The case was started by a Nunavut parent — identified in Kilpatrick's ruling only as "P.E." — whose children were taken away by a child protection worker in February 2009.
P.E.'s children were put in the care of the territorial government until around October 2009, when a hearing was held and the children were ordered returned to the parent.
The parent then filed a lawsuit against Nunavut's director of child and family services, arguing that apprehending the children for so long violates the charter.
Social worker shortage cited
In court, Nunavut government officials blamed a chronic social worker shortage for a longer period of time needed between a child apprehension and a hearing.
"It is said that worker vacancies, high caseloads, and geography interfere with the government's ability to meet tight filing deadlines and other legal requirements associated with court proceedings," Kilpatrick wrote in his decision.
"The operational difficulties plaguing the government of Nunavut's Department of Social Services cannot justify or excuse non-compliance with a constitutional requirement to ensure procedural fairness, however," he added.
Under the Child and Family Services Act, an application for a hearing must be made with 45 days after a child has been apprehended.
The hearing must take place "not later than three months after the first appearance unless a court orders otherwise," according to the act.

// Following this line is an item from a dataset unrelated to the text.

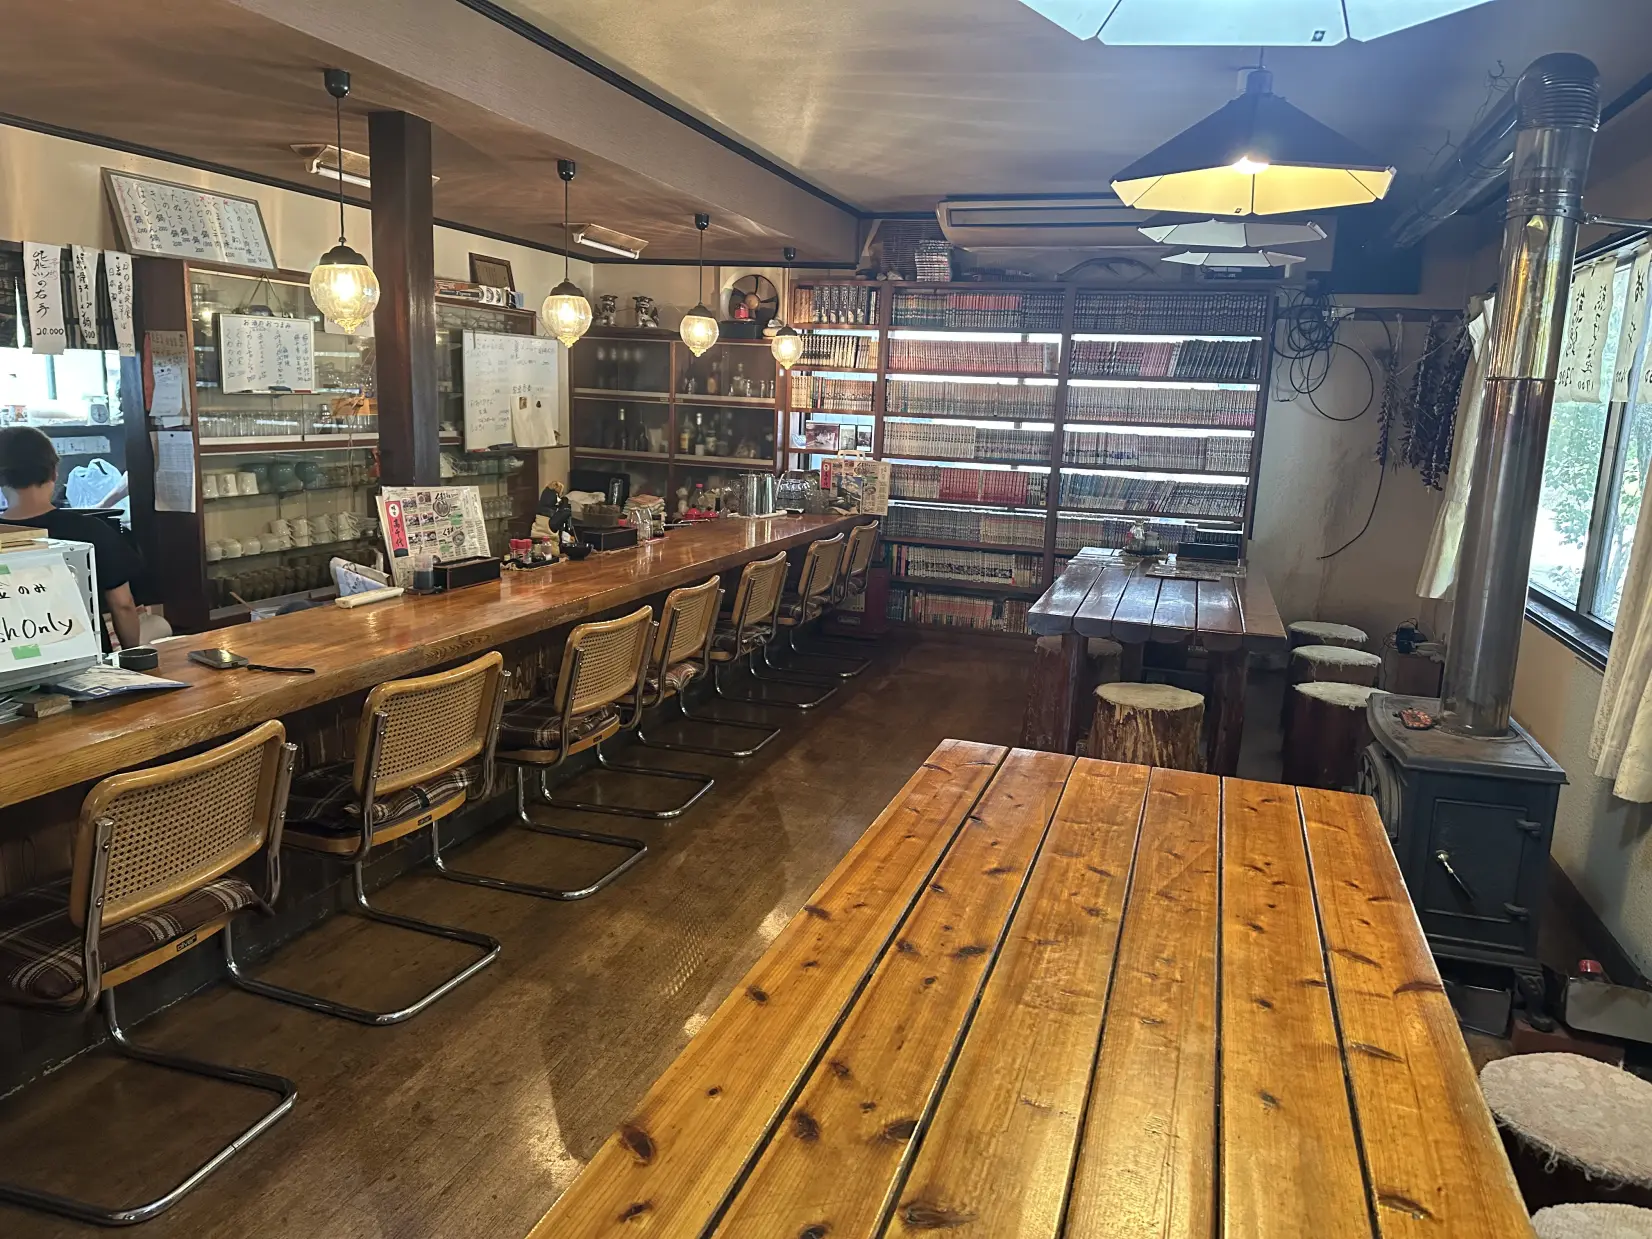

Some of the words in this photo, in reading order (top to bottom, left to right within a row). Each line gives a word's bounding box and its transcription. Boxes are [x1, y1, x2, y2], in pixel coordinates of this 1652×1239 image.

[32, 250, 50, 319] 熊の右手
[22, 612, 73, 640] Only

That means under the current act, children can be held in government care for up to 135 days — about 4½ months — between the date they were apprehended and the date of a hearing.
Law not amended earlier
By comparison, most other Canadian provinces and territories allow anywhere from five to 37 days between a child apprehension and a hearing.
The judge noted that in 2000, the Supreme Court of Canada declared that "there must be a fair and prompt judicial screening of the grounds for apprehension of a child."
In the wake of the top court's decision, other provinces and territories "moved to amend their child protection legislation to ensure charter compliance," Kilpatrick wrote.
"Nunavut, however, did not do so," he added.
Furthermore, Kilpatrick found that Nunavut's Child and Family Services Act does not require a judicial screening of the grounds for removing a child.
"There is only one hearing contemplated by the present Child and Family Services Act. This is the hearing to determine the merits of the director’s overall application," he wrote.
Kilpatrick has now given the Nunavut government one year to fix the Child and Family Services Act or have parts of it declared invalid.
The ruling comes as the territorial government is in the early stages of a full-scale review of the act.